■ Action item ■
Reproduce the whole of the records exactly, and make sure no picture is carried into the result.

■ Dataset entries ■
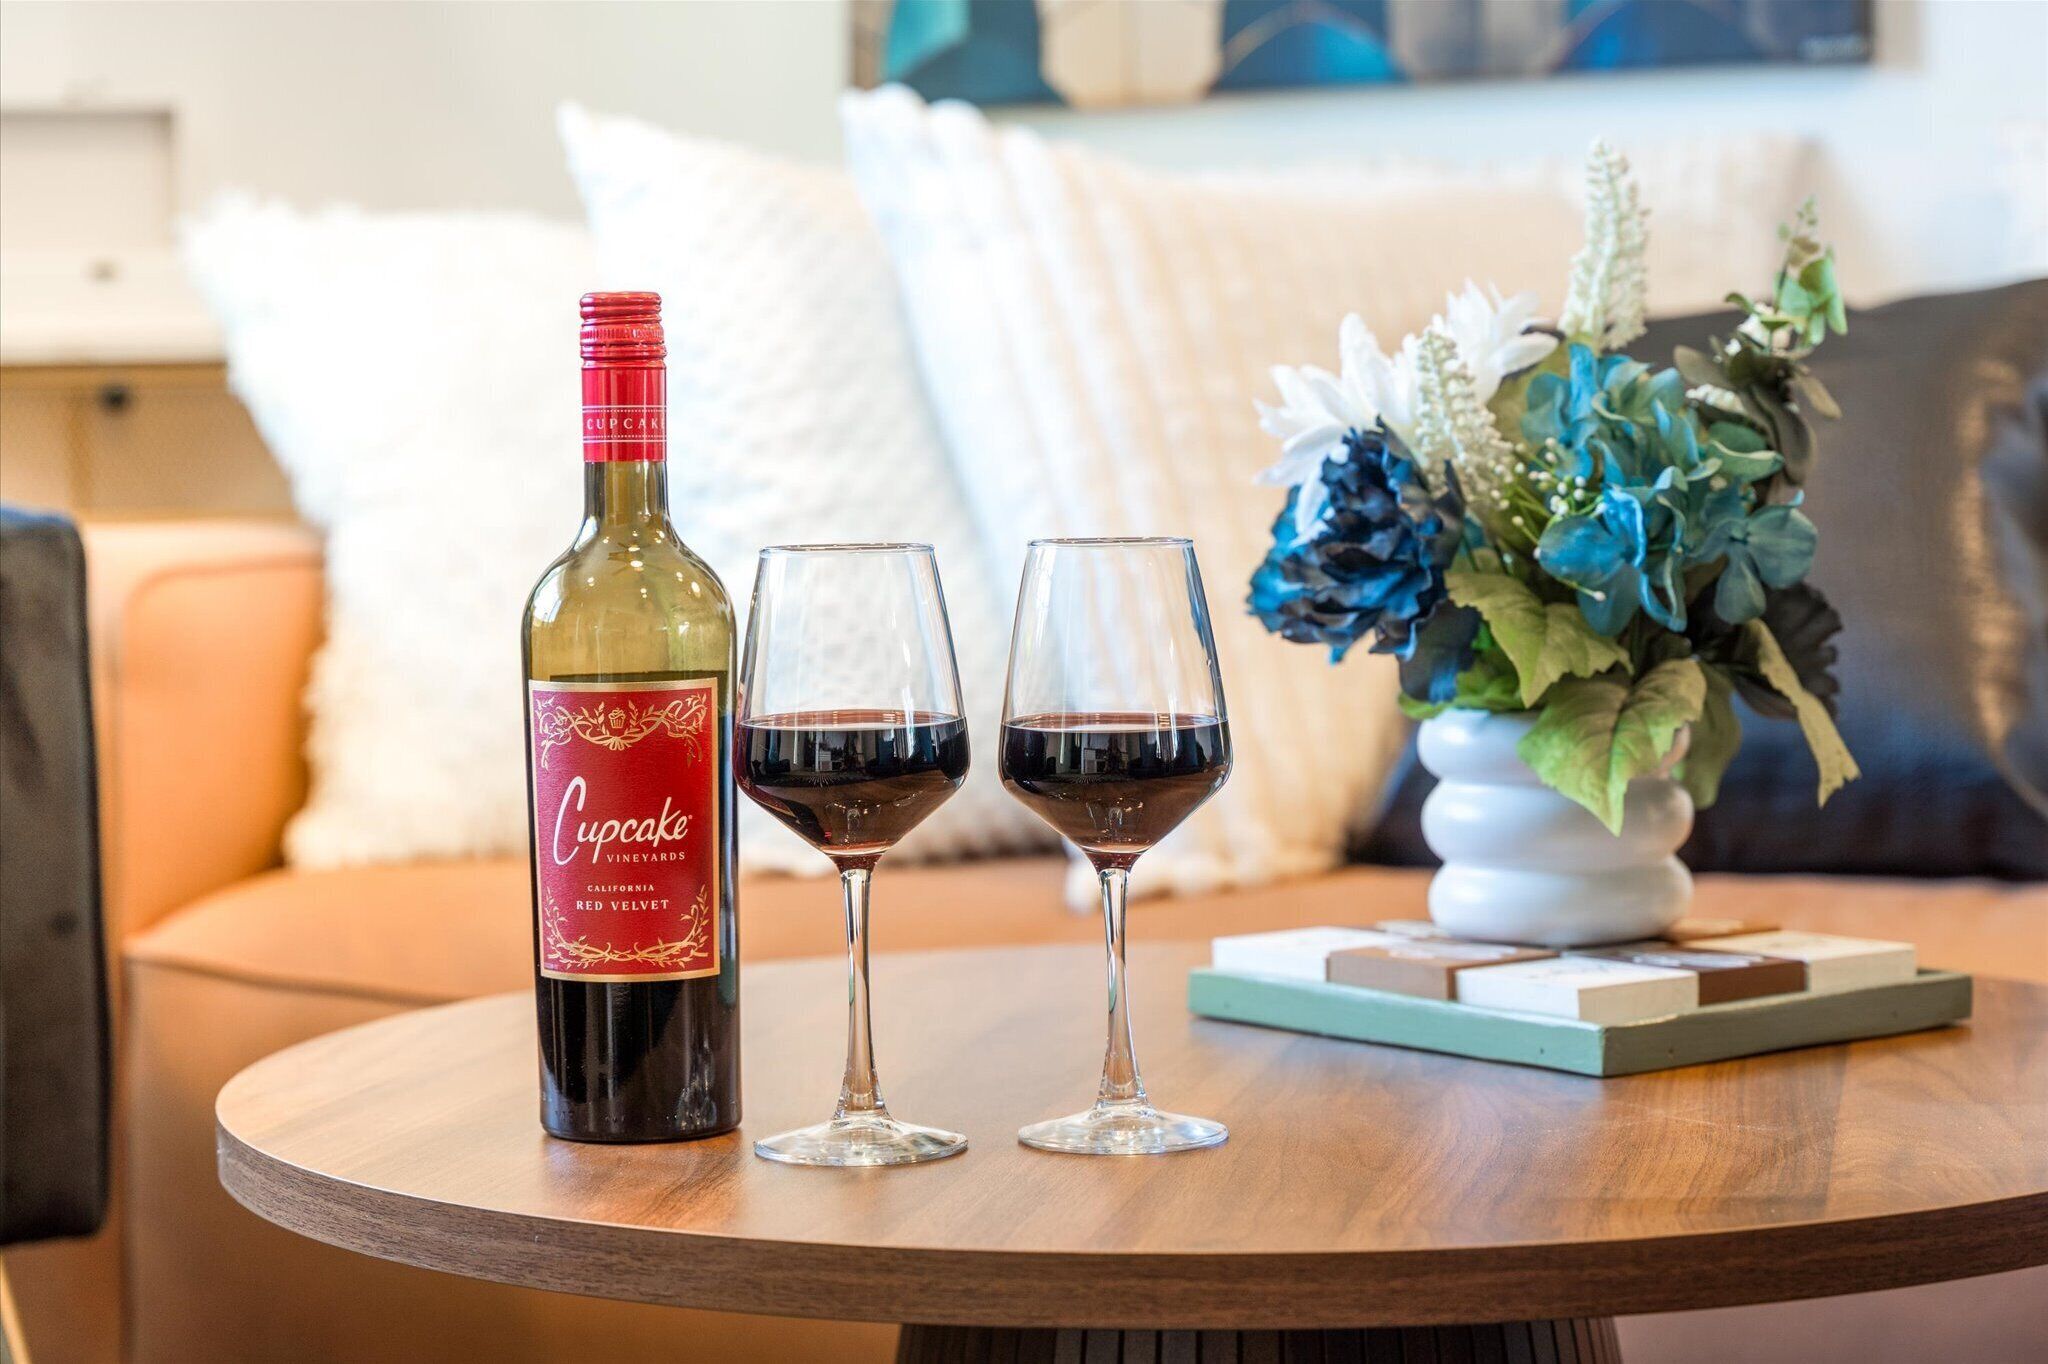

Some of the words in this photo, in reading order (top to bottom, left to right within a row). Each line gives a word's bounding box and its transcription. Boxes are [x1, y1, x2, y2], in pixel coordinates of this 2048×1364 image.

[553, 776, 688, 865] Cupcake
[606, 851, 686, 863] VINEYARDS
[587, 884, 655, 892] CALIFORNIA
[576, 900, 603, 911] RED
[611, 900, 670, 911] VELVET

■ Result below ■
Some of the words in this photo, in reading order (top to bottom, left to right within a row). Each line gives a word's bounding box and its transcription. Boxes are [x1, y1, x2, y2], in pixel coordinates of this 2048×1364 image.

[553, 776, 688, 865] Cupcake
[606, 851, 686, 863] VINEYARDS
[587, 884, 655, 892] CALIFORNIA
[576, 900, 603, 911] RED
[611, 900, 670, 911] VELVET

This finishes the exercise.